A Chennai ( Madras) The Season, la saison de la danse s’étire de décembre à fin janvier chaque année. Tous les artistes de renom se produisent dans les theâtres de la ville, devant un public averti et des critiques pointues.  

 

LA TRADITION DE THANJAVUR

 

Afin de vous exprimer ce qu'est la tradition de Tanjore, je vous propose un extrait de l'article de Mamata Patil, "L’ESPRIT DE THANJAVUR" (Magazine INDES n°10- Nov 2005)

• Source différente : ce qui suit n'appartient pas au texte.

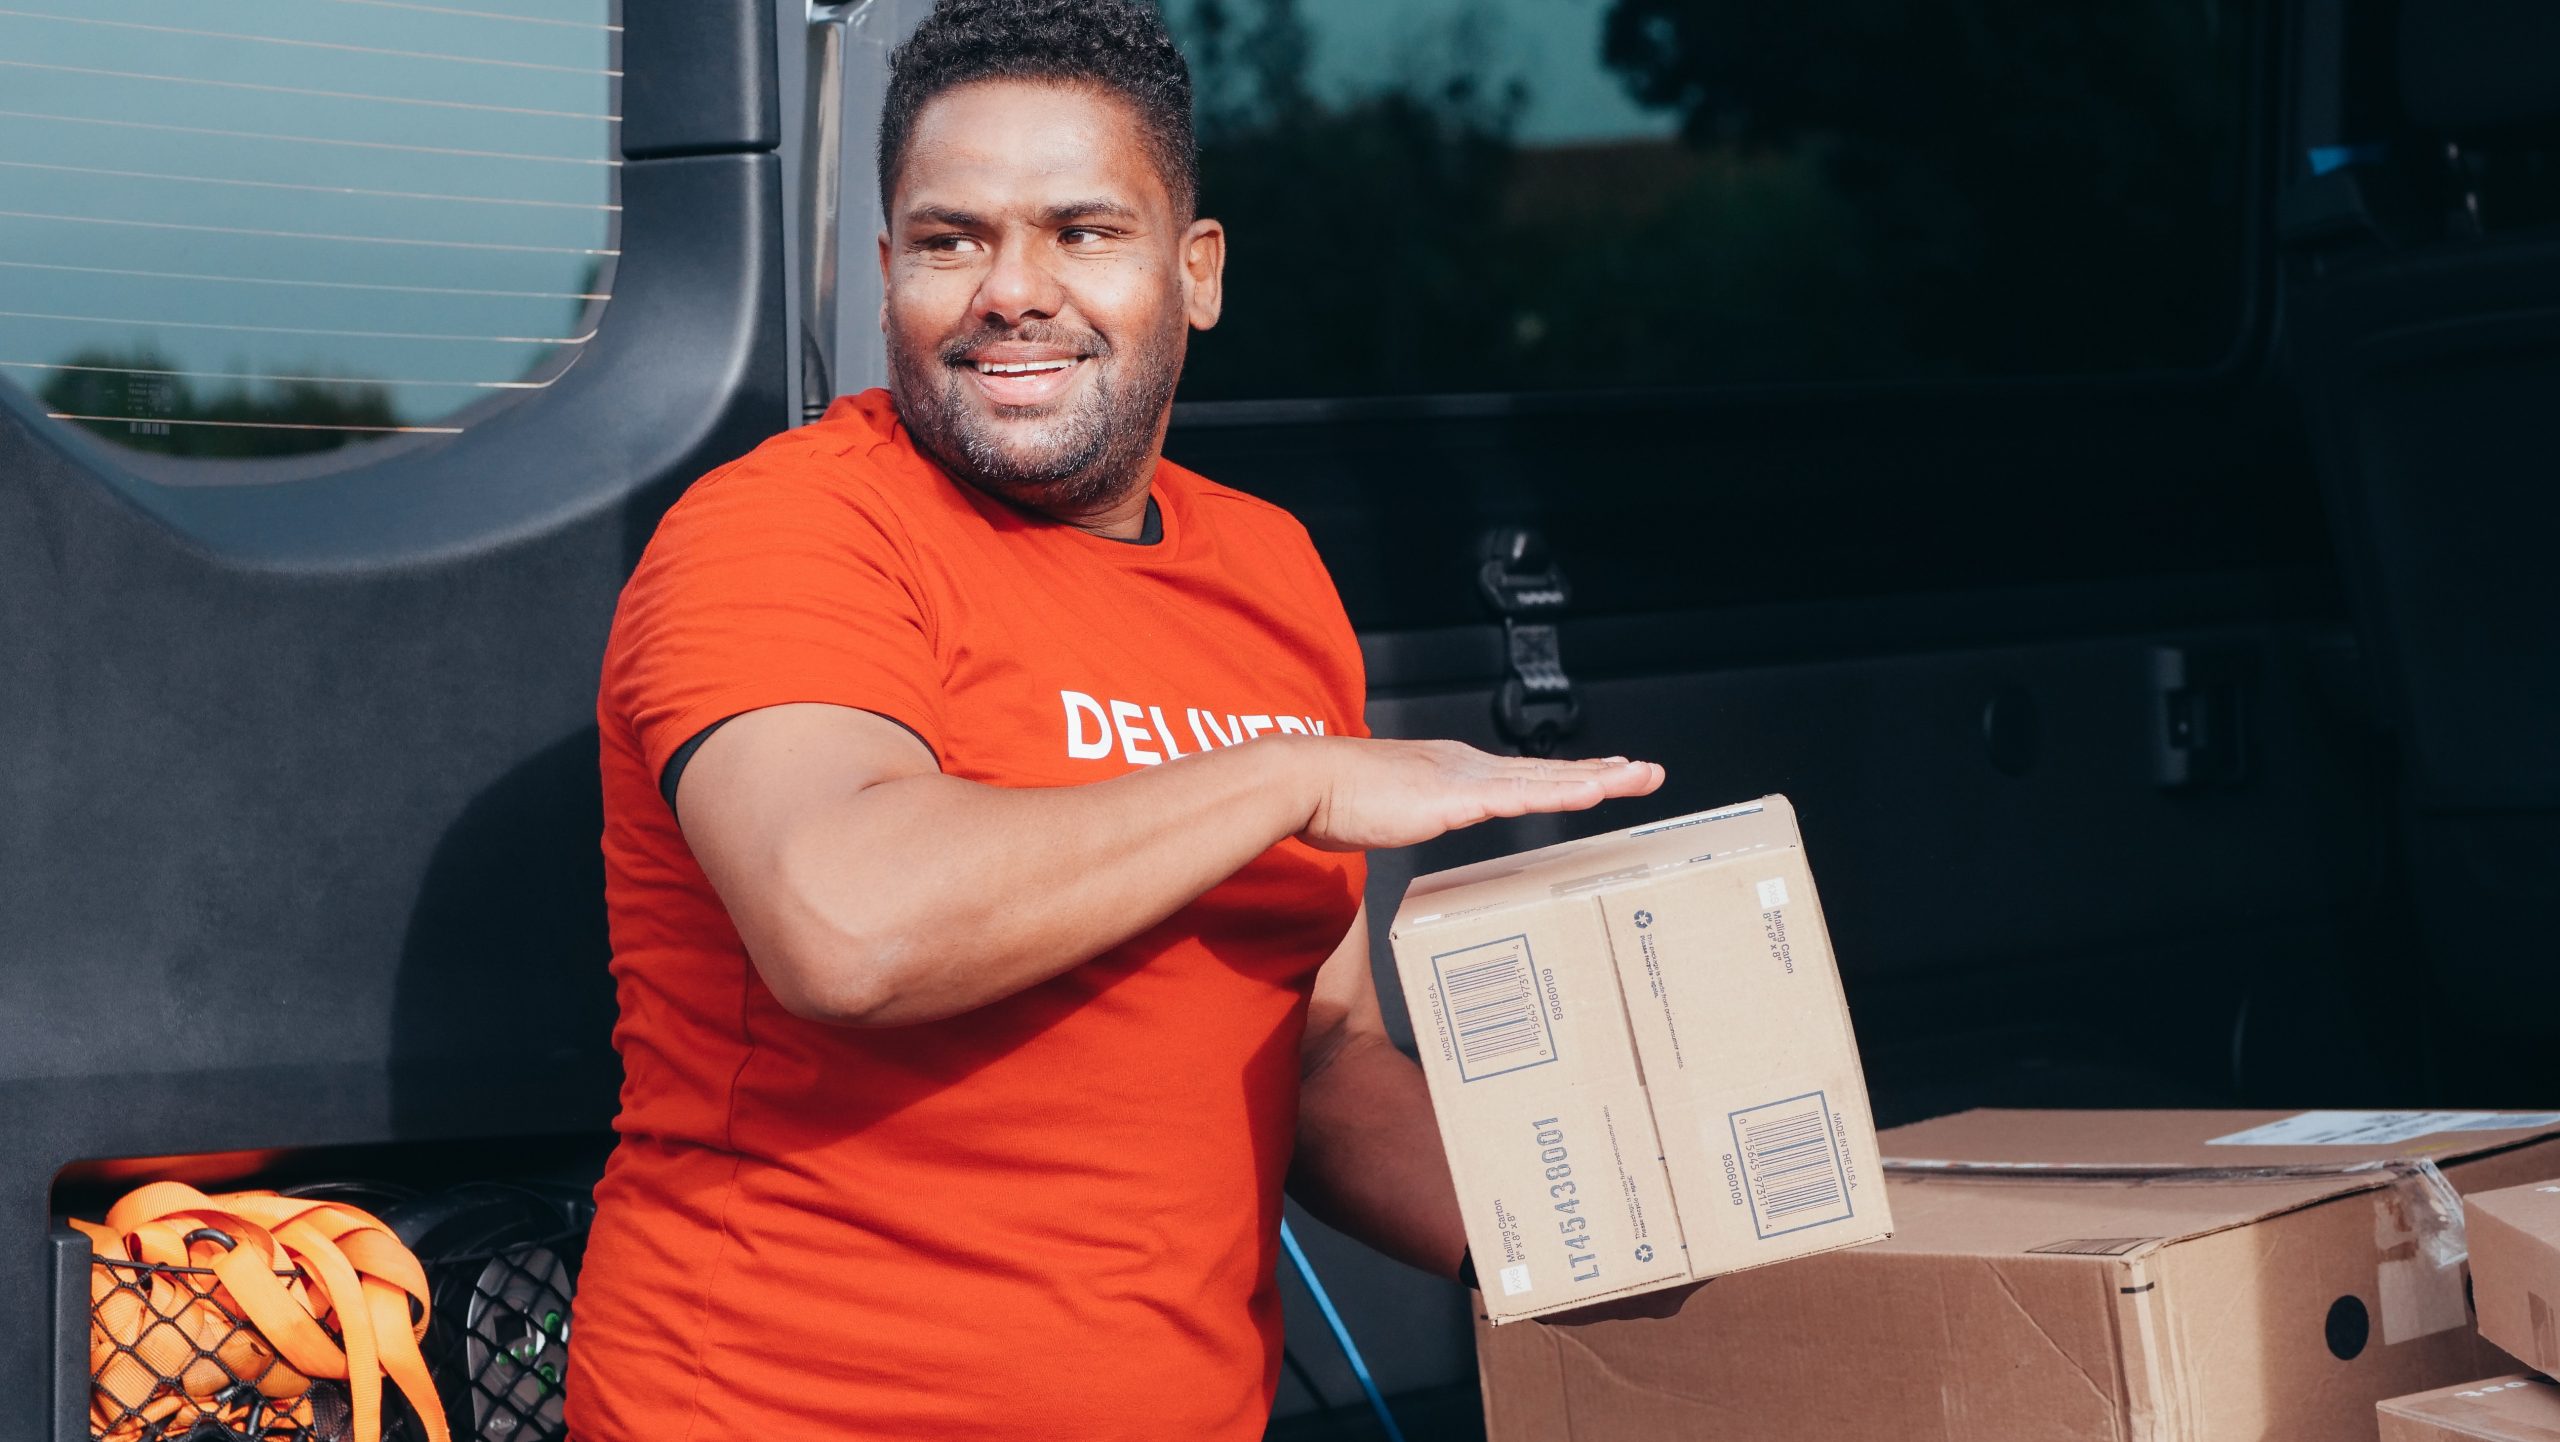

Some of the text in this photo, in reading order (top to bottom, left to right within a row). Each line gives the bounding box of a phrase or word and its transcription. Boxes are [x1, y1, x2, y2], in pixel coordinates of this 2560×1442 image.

« L’art était dans l’air…c’est ainsi que pendant plus d’un millénaire, la fabuleuse citadelle du Tamilnadu, la ville de Thanjavur ou Tanjore, est restée la capitale culturelle de la région et a régné en maître sur plusieurs maisons royales plutôt que d’être gouvernée par ses rois.
La ville fut à ce point bénie que les rois qui s’y sont succédés furent de grands bâtisseurs, des mécènes et des conservateurs de sa culture. Celle-ci s’est développée de 500 av.J-C jusqu’à l’an 200 avec les premiers Chola puis les souverains impériaux Chola (846-1279) qui furent les premiers dirigeants à apporter la gloire à Thanjavur, auxquels ont ensuite succédé les rois Pandya (1279-1532), les rois Nayaks (1532-1675) et enfin les rois Marathes (1676-1855) jusqu’à l’arrivée des britanniques…
Mais l’œuvre la plus belle et la plus remarquable de toute l’architecture Chola
demeure

le Temple de Brahadeswara construit par le souverain Chola Raja Raja 1 (935-1012).

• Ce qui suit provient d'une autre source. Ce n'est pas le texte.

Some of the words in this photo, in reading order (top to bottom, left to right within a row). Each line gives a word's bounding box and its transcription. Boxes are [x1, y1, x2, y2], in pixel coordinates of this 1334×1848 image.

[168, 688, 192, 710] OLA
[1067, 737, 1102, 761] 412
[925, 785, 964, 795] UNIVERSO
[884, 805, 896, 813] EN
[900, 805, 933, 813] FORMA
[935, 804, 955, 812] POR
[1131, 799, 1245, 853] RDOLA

La beauté du temple, inscrit au patrimoine mondial est mise en valeur par sa structure

pyramidale et ses immenses galeries, aux murs ornés de peintures, de stucs, de

sculptures monolithiques complexeset de gigantesques statues.
Une autre grande réalisation est la Saraswathi Library, l’une des rares

bibliothèques dans le monde à posséder des textes de l’époque médiévale. »

 

La ville de Thanjavur est le berceau de la transmission du Bharata Natyam en raison de

son rayonnement culturel et religieux, vie des temples et vie des rois mécènes étant liée.
Depuis plus de 1000 ans les maîtres de danse se succèdent.  A là fin du XX siècle le

célèbre Quartet de Tanjore, 4 frères musiciens, a codifié le Bharata Natyam tel qu'il est

présenté sur scène traditionnellement. Ils ont ainsi classifié les famille d'adavu, alphabet

rythmique et gestuel de la danse et organisé les récitals en margam, suite de pièces comprenant :
Alaripu, kautwam, jathiswaram, varnam, padam, sabdam et tillana.

 

 

 

Ce margam fait encore autorité de nos jours même si le temps imparti

aux spectacles est de plus en plus court pour les danseuses solistes.
En effet, les chorégraphies en groupe, les musiques enregistrées au lieu d’être

jouées en direct et l’accélération rythmique du répertoire prédominent désormais.
Mon maître  Guru K.P Kittappa Pillai (1917-1999) était un descendant direct du Quartet

de Tanjore de par son père et sa mère les deux familles étant liées par la

caste de musiciens.Il plaçait la musique au centre de son enseignement affirmant que: 

 

 

"la danse devait être belle à entendre avant que d’être belle à voir"

 


Cela conférait à son style un lenteur propice à l’expression des sentiments

et à la rigueur du placement corporel et le rythme était l'âme de ses compositions,

avec lequel il aimait jouer, n'hésitant pas à intercaler des moments de silence.

La danseuse était alors en suspension, ancrée au sol mais tout en légèreté 
Avoir entendu chanter Guru Kittappa Pillai et avoir été guidée dans le geste par son chant est inoubliable.
Je n'ai jamais retrouvé les nuances et la douceur de sa voix, qui me portait avec fermeté et justesse.